__Problem to solve__
Each line from the one that contains "this 1280×1661 image." to the end of the material must be set down exactly, and no line before it.

__Material for the task__

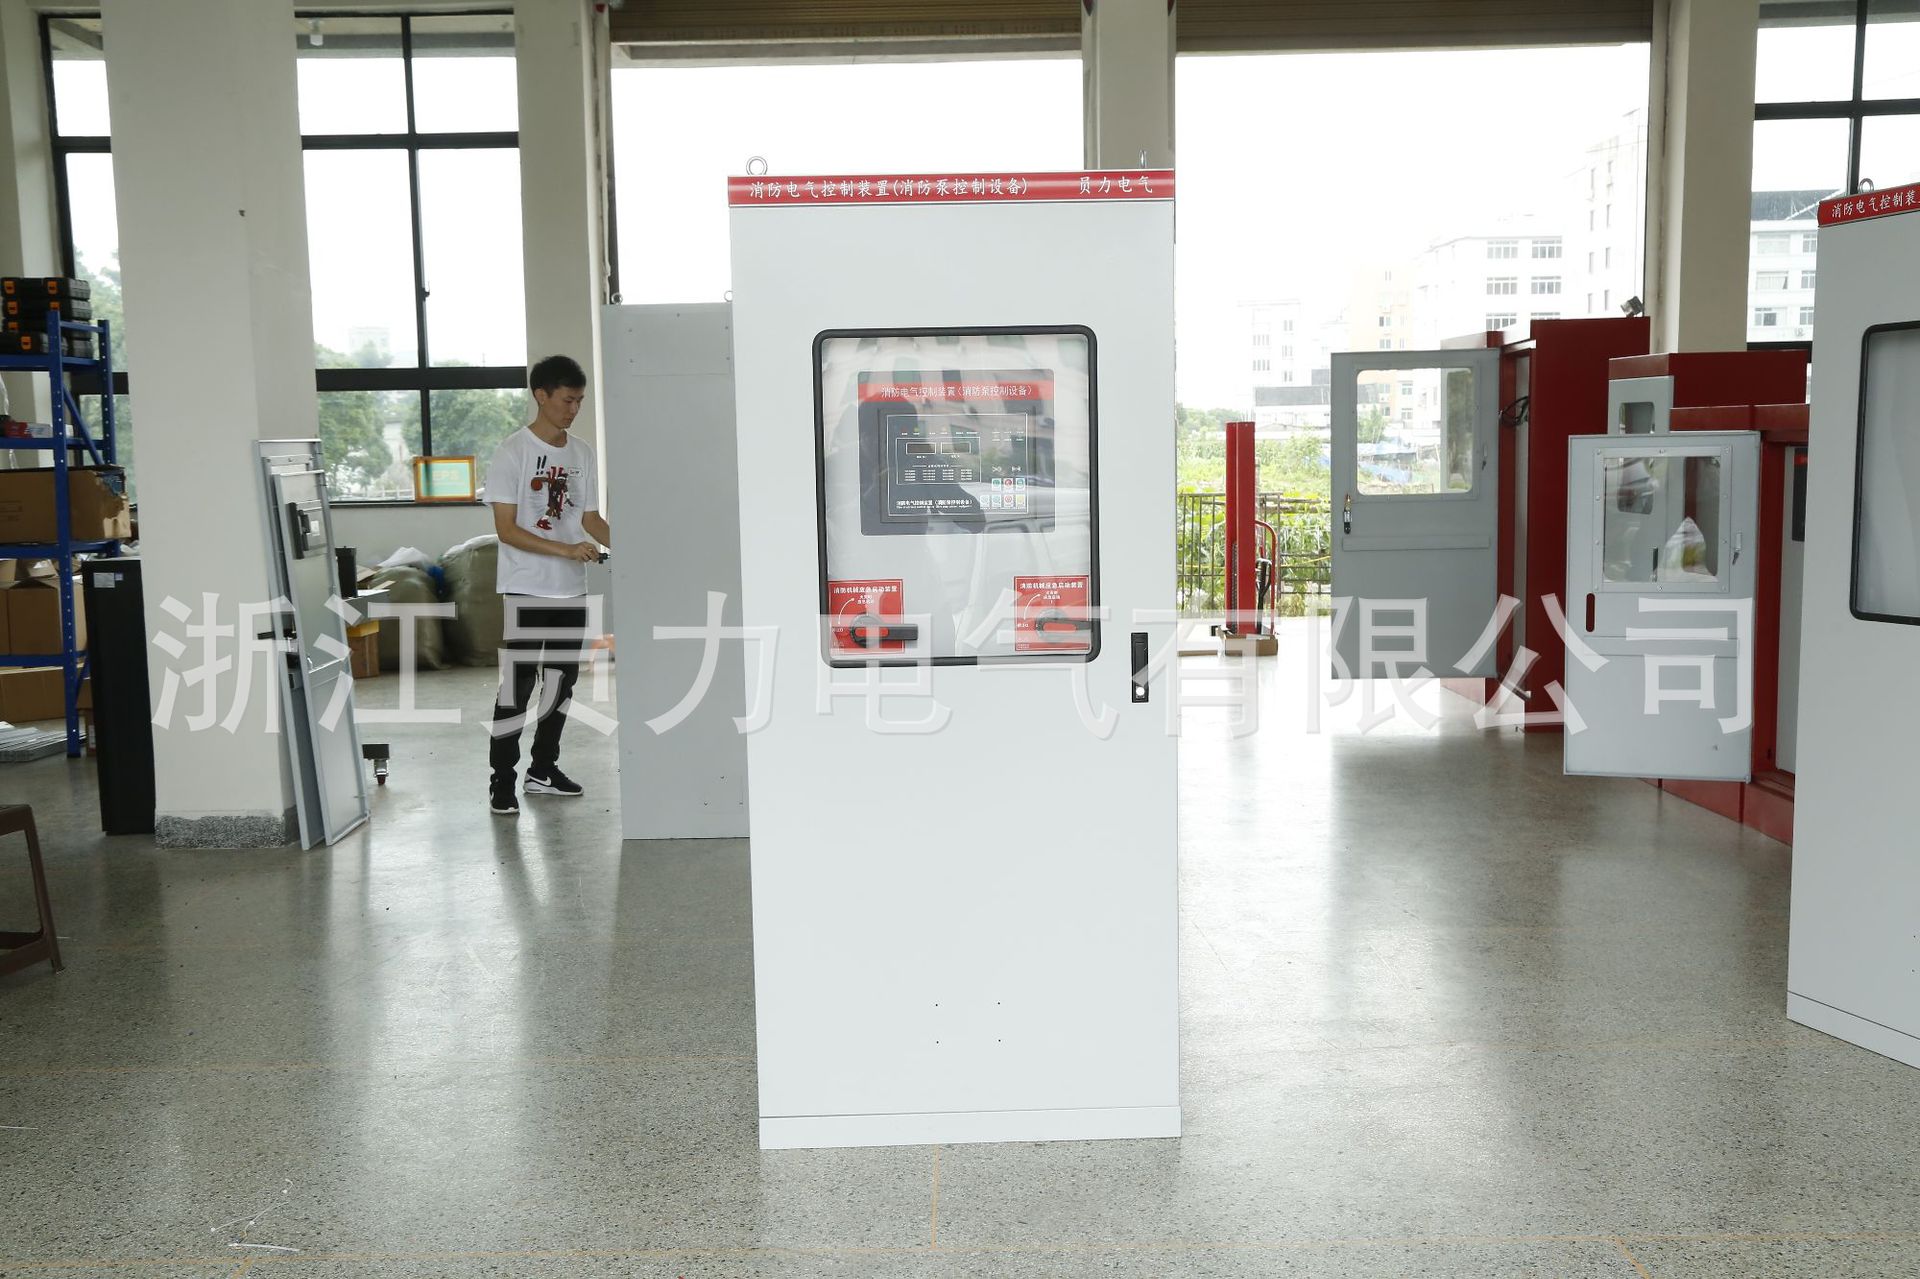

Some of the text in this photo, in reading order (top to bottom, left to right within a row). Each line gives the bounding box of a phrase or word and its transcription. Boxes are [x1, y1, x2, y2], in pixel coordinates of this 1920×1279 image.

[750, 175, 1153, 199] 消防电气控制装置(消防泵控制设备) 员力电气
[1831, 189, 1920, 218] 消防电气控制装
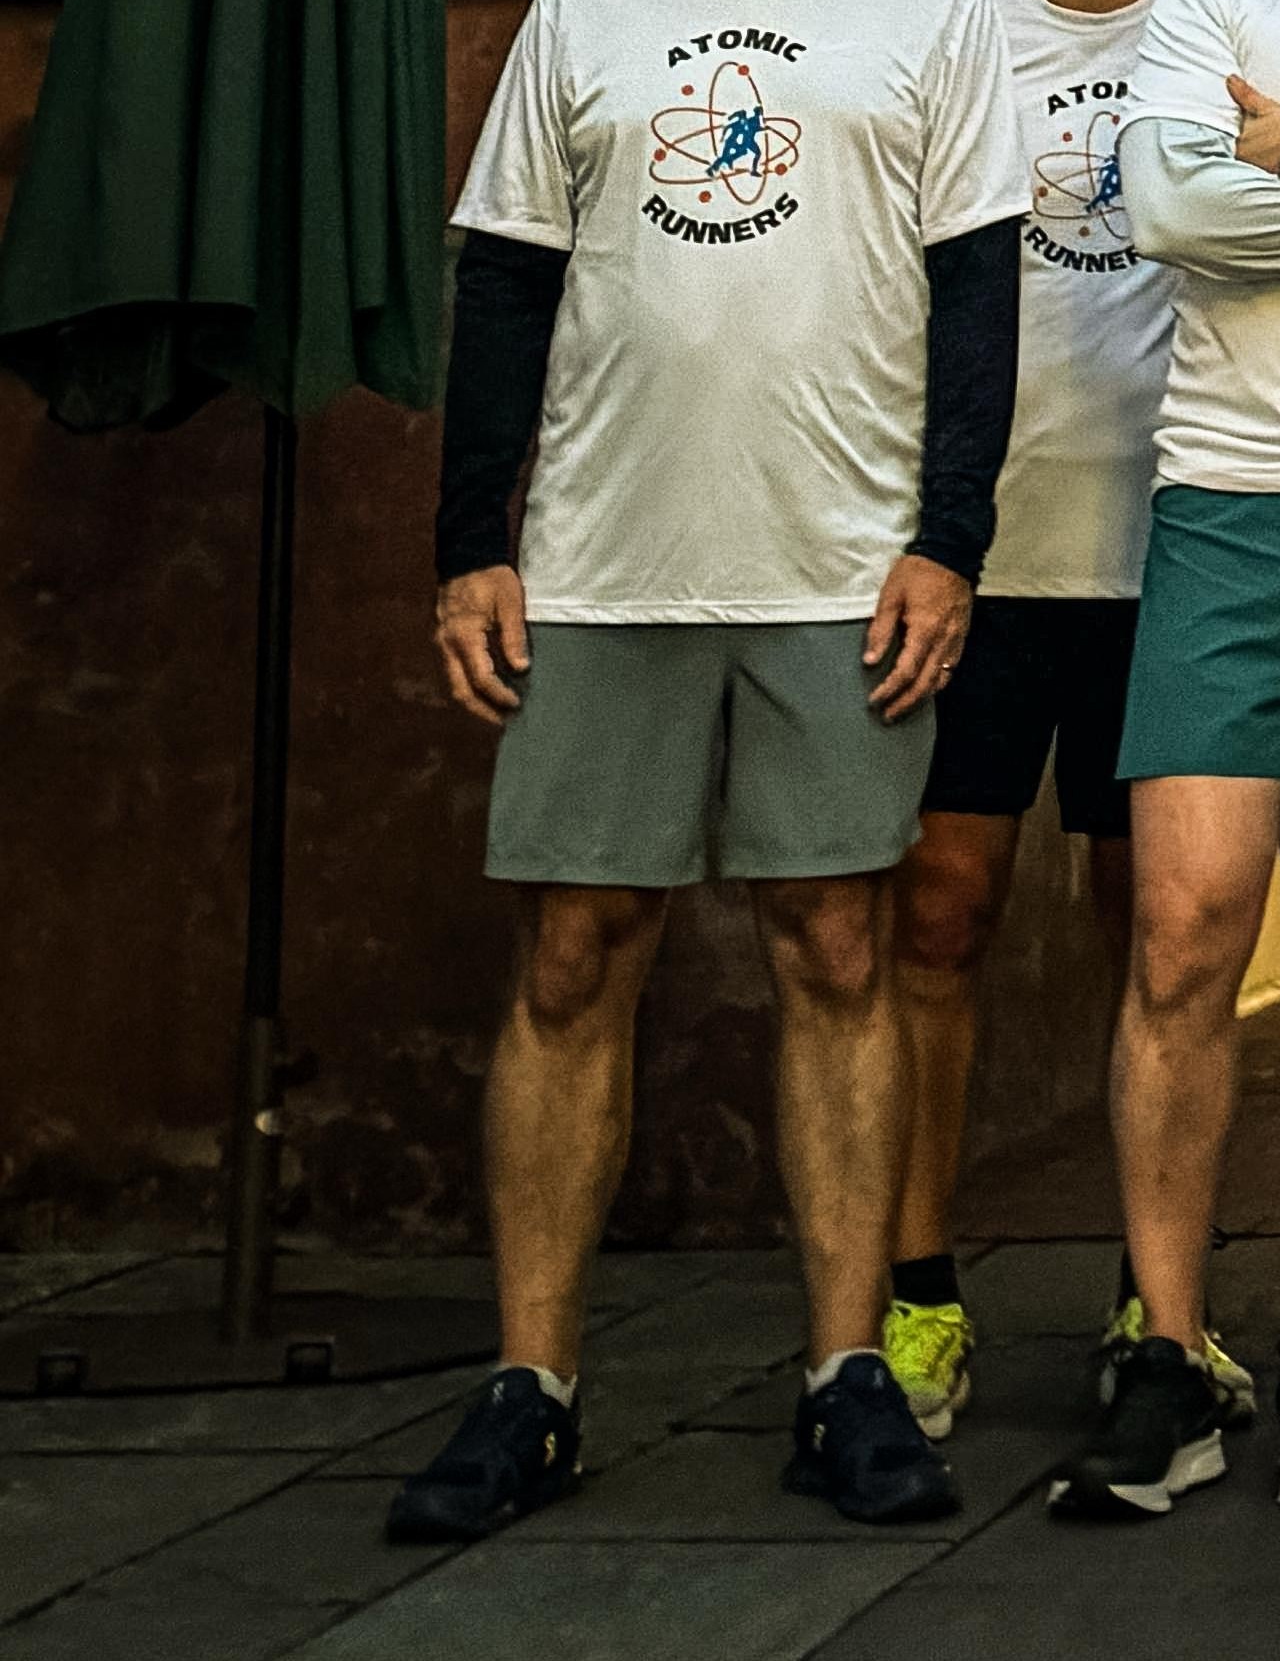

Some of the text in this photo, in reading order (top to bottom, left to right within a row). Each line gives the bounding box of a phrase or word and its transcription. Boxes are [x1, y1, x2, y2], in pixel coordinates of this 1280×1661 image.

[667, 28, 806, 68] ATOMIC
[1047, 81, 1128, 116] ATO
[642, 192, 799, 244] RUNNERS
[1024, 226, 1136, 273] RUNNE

__Solution for this task__
Some of the text in this photo, in reading order (top to bottom, left to right within a row). Each line gives the bounding box of a phrase or word and its transcription. Boxes are [x1, y1, x2, y2], in pixel coordinates of this 1280×1661 image.

[667, 28, 806, 68] ATOMIC
[1047, 81, 1128, 116] ATO
[642, 192, 799, 244] RUNNERS
[1024, 226, 1136, 273] RUNNE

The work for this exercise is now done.